DATA UNDER STUDY:

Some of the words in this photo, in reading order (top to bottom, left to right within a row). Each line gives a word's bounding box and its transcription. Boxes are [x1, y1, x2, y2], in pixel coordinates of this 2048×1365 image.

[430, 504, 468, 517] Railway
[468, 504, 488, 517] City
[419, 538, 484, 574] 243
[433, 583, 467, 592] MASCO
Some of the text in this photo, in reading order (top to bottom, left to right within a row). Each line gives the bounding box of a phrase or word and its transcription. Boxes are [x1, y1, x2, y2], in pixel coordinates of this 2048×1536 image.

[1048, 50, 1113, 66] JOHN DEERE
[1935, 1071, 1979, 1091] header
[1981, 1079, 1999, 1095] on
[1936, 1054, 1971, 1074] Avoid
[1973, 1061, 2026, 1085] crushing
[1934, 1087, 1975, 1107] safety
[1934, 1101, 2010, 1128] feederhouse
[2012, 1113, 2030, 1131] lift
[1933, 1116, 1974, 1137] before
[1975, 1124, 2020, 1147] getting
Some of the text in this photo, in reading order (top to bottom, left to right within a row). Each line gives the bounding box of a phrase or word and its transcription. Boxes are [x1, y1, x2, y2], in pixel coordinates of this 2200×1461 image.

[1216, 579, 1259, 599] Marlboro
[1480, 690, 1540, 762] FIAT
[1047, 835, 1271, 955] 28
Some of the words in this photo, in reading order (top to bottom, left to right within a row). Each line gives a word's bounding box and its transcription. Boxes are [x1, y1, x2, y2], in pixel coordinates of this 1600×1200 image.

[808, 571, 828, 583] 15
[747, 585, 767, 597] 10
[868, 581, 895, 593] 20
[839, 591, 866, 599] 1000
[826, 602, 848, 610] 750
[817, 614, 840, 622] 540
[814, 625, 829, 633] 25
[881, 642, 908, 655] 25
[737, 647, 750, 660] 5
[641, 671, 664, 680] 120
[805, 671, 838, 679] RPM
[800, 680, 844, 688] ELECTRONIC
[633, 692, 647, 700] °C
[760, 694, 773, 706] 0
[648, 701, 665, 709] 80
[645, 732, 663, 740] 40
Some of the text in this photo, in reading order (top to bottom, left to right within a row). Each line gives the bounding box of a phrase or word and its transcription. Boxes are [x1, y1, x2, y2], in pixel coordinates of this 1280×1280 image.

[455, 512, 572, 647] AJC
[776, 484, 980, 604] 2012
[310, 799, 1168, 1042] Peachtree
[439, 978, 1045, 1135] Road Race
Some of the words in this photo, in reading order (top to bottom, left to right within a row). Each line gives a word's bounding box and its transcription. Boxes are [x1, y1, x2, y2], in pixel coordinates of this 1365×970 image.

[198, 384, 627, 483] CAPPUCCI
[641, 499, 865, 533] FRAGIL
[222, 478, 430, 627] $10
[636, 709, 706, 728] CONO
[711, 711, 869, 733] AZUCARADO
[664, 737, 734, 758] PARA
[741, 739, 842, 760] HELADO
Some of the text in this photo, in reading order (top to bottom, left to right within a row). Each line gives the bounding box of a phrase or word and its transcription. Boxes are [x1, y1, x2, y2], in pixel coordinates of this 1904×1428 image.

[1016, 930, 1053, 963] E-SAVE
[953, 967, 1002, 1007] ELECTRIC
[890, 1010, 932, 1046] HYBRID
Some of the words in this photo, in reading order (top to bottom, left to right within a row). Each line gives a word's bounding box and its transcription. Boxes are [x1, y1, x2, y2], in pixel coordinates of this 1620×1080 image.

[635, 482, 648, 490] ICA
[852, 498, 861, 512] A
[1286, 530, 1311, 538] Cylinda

TASK DIRECTIONS:
Transcription of the listing must be exact and complete.

WRITTEN ANSWER:
Some of the words in this photo, in reading order (top to bottom, left to right within a row). Each line gives a word's bounding box and its transcription. Boxes are [x1, y1, x2, y2], in pixel coordinates of this 2048×1365 image.

[430, 504, 468, 517] Railway
[468, 504, 488, 517] City
[419, 538, 484, 574] 243
[433, 583, 467, 592] MASCO
Some of the text in this photo, in reading order (top to bottom, left to right within a row). Each line gives the bounding box of a phrase or word and its transcription. Boxes are [x1, y1, x2, y2], in pixel coordinates of this 2048×1536 image.

[1048, 50, 1113, 66] JOHN DEERE
[1935, 1071, 1979, 1091] header
[1981, 1079, 1999, 1095] on
[1936, 1054, 1971, 1074] Avoid
[1973, 1061, 2026, 1085] crushing
[1934, 1087, 1975, 1107] safety
[1934, 1101, 2010, 1128] feederhouse
[2012, 1113, 2030, 1131] lift
[1933, 1116, 1974, 1137] before
[1975, 1124, 2020, 1147] getting
Some of the text in this photo, in reading order (top to bottom, left to right within a row). Each line gives the bounding box of a phrase or word and its transcription. Boxes are [x1, y1, x2, y2], in pixel coordinates of this 2200×1461 image.

[1216, 579, 1259, 599] Marlboro
[1480, 690, 1540, 762] FIAT
[1047, 835, 1271, 955] 28
Some of the words in this photo, in reading order (top to bottom, left to right within a row). Each line gives a word's bounding box and its transcription. Boxes are [x1, y1, x2, y2], in pixel coordinates of this 1600×1200 image.

[808, 571, 828, 583] 15
[747, 585, 767, 597] 10
[868, 581, 895, 593] 20
[839, 591, 866, 599] 1000
[826, 602, 848, 610] 750
[817, 614, 840, 622] 540
[814, 625, 829, 633] 25
[881, 642, 908, 655] 25
[737, 647, 750, 660] 5
[641, 671, 664, 680] 120
[805, 671, 838, 679] RPM
[800, 680, 844, 688] ELECTRONIC
[633, 692, 647, 700] °C
[760, 694, 773, 706] 0
[648, 701, 665, 709] 80
[645, 732, 663, 740] 40
Some of the text in this photo, in reading order (top to bottom, left to right within a row). Each line gives the bounding box of a phrase or word and its transcription. Boxes are [x1, y1, x2, y2], in pixel coordinates of this 1280×1280 image.

[455, 512, 572, 647] AJC
[776, 484, 980, 604] 2012
[310, 799, 1168, 1042] Peachtree
[439, 978, 1045, 1135] Road Race
Some of the words in this photo, in reading order (top to bottom, left to right within a row). Each line gives a word's bounding box and its transcription. Boxes are [x1, y1, x2, y2], in pixel coordinates of this 1365×970 image.

[198, 384, 627, 483] CAPPUCCI
[641, 499, 865, 533] FRAGIL
[222, 478, 430, 627] $10
[636, 709, 706, 728] CONO
[711, 711, 869, 733] AZUCARADO
[664, 737, 734, 758] PARA
[741, 739, 842, 760] HELADO
Some of the text in this photo, in reading order (top to bottom, left to right within a row). Each line gives the bounding box of a phrase or word and its transcription. Boxes are [x1, y1, x2, y2], in pixel coordinates of this 1904×1428 image.

[1016, 930, 1053, 963] E-SAVE
[953, 967, 1002, 1007] ELECTRIC
[890, 1010, 932, 1046] HYBRID
Some of the words in this photo, in reading order (top to bottom, left to right within a row). Each line gives a word's bounding box and its transcription. Boxes are [x1, y1, x2, y2], in pixel coordinates of this 1620×1080 image.

[635, 482, 648, 490] ICA
[852, 498, 861, 512] A
[1286, 530, 1311, 538] Cylinda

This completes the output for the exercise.